Oh, but it was cold! It was agonising, but it was exhilarating, too, for it was immense, and it washed everything else away as if they were no more than tiny smears of mud on the hands. Nothing existed but the coldness and the water.

He started to swim, and covered the width of the pool in only a dozen strokes. The far bank was higher, forming a sheer cliff that curved round the edge of the pool, and overhung slightly. The water at its base was very dark, and colder even than the rest of the pool. It had never seen sunlight, he thought, and wondered what manner of slow slimy thing it was that moved in the depths and tickled his toes.

Grimacing, he swam back. Already the water was beginning to feel almost warm. When he stood in the shallows so his upper body was out of the water, the air felt colder than the pool. His hair clung to his neck and lay in points on his collarbone, and rivers of water ran from each point and snaked down his chest. He tossed his head back, and droplets of water speckled the water like rain.

Spreading his arms, hthrew himself backwards into the water. Kicking vigorously, he managed to stay afloat, and more or less stationary. Above him, the yellow sky of morning had deepened into blue. As he watched, a large bird of prey came into sight, hovered for a while directly above him, then flew on.

He turned onto his stomach and swam to the waterfall. Immediately the spray tried to fill his lungs, and the sound of falling water drowned out everything else. Clamping his mouth shut, he swam beneath the cascade. It fell onto his back and shoulders like a million daggers, trying to push him under and overwhelm him, but he fought through, and emerged on the other side. With his arms on either side to keep himself floating, he pressed his back against the eroded rock, and the waterfall was like a glorious white curtain. It was like being encased in the enchantment, seeing the world through a living white veil.

I want to stay here, he thought. No-one would find him here, hidden behind the waterfall. He should swim back and get his clothes, and bring them back with him, so they wouldn't even have any clues. It would be as if he had dropped of the edge of the mountain, gone without a trace. But all the while he would be here, in a shining silver place, protected by the magic of the man in the statue, who would save the world in his place. Every day would be just like this, with the laughter and the yellow flowers and the shining spray.

It lasted only for a moment. "No," he said, aloud. He swam back through the falling water, and this time it felt easier, as if this was the way he was supposed to be going. He would not hide, and he could not leave his master like that. He had a job to do, and even that was not so very hard, not really. The Duke was a reasonable man and would listen to him, and the weather was lovely, and even this bare mountainside was vibrant with living things, each one like a joyful whisper in his mind. If he walked away from his duty, all those living things would be under threat, and the beautiful places in the world would be destroyed.
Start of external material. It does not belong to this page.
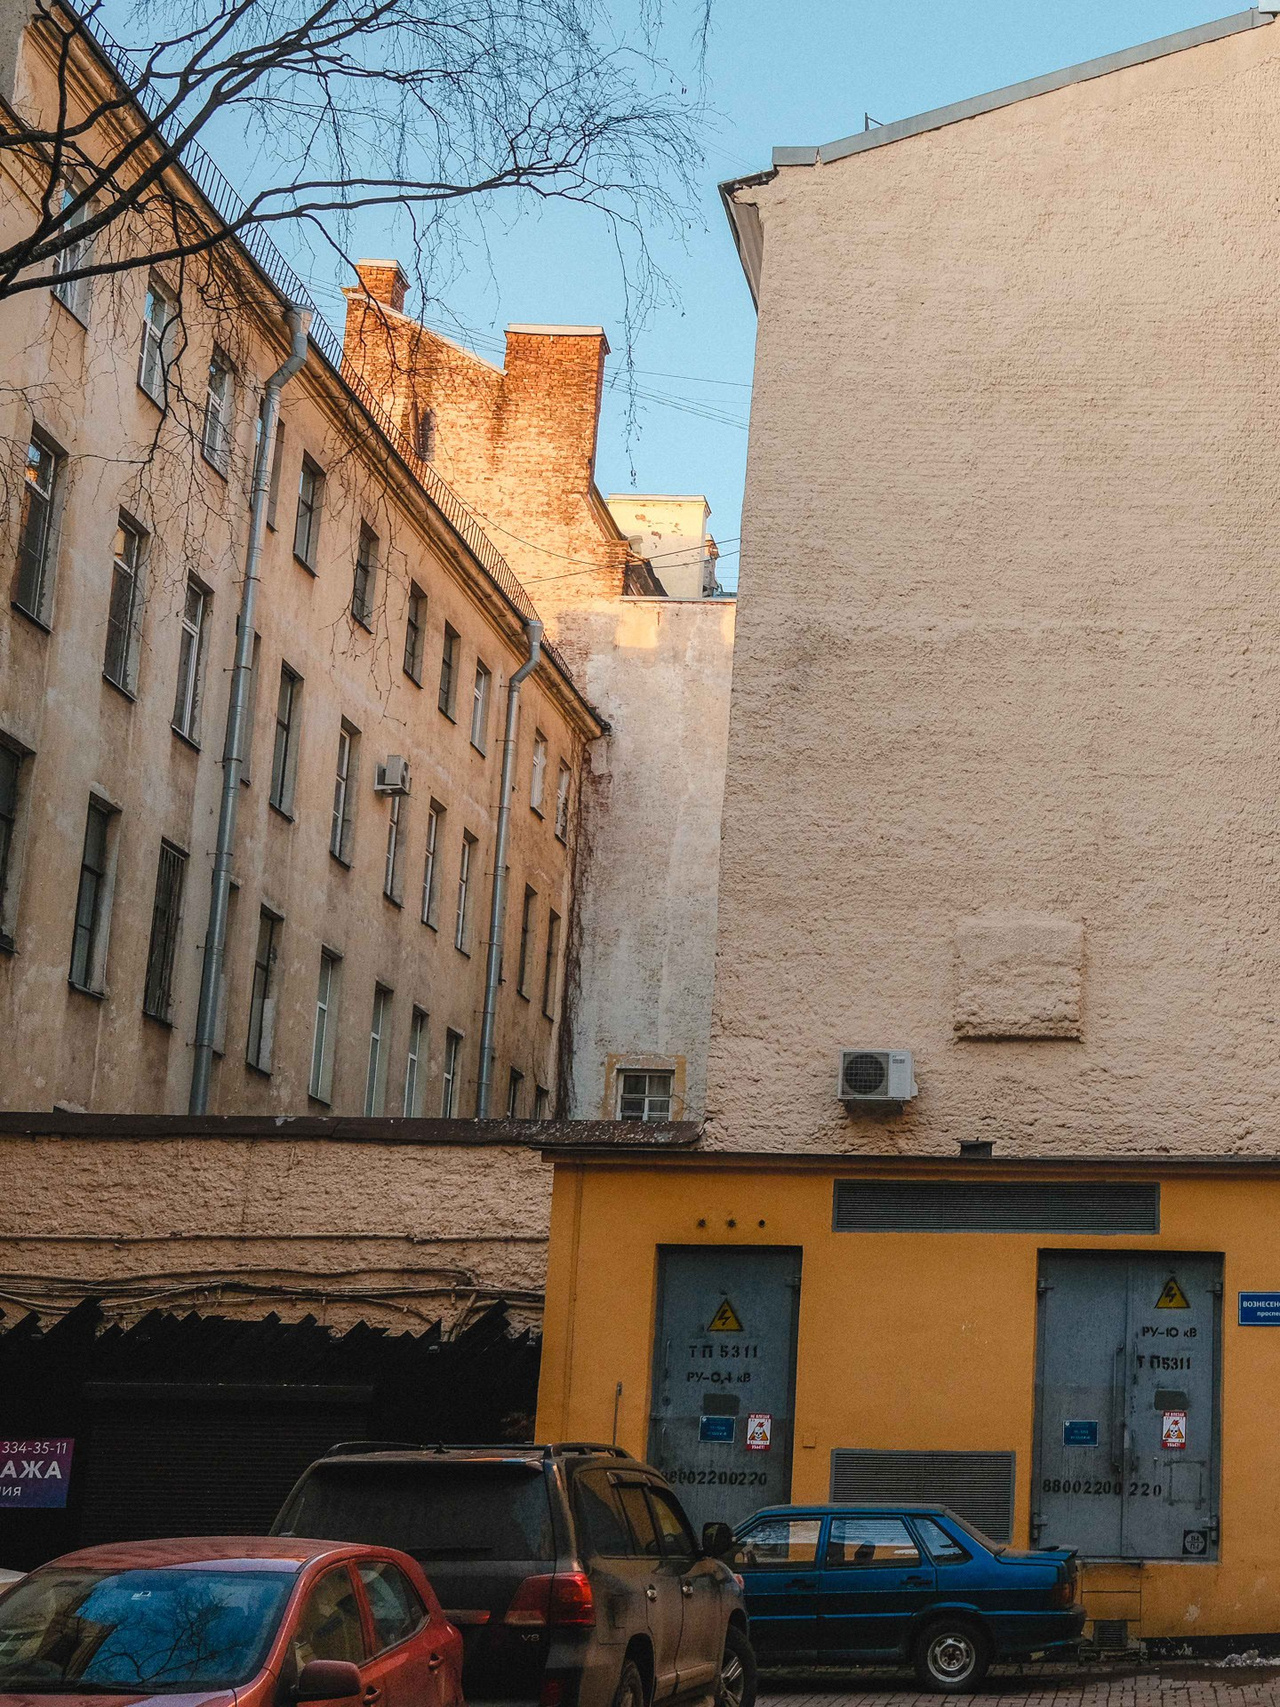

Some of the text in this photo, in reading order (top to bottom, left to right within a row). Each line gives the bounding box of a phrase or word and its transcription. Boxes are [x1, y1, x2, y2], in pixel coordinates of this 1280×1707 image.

[720, 1345, 758, 1359] 5311
[2, 1441, 68, 1455] 334-35-11
[521, 1633, 540, 1642] V8
Just before leaving the water, he paused, looking down at his body. There were scars there that he had not worn a few weeks before. That one there had been made by Reynard's sword, and that one too. And here, in his hand, was the double scar made by the swearing of his oaths. The story of his destiny was already mapped out on his body.

He was changed now. Even if he could go back home, he would bear these scars forever, and that was only right, for he had been marked in an even greater way inside. He would never be able to be the untried boy he once had been. He had fought, and stood his own, and survived. He had defied his master, and spoken up for what he thought was right. He had touched the enchantment, and it was so marvellous he wondered how he had lived before he had known about it. And, while every step along the way hurt and left wounds, the wounds would heal, and soon would be only faded white scars.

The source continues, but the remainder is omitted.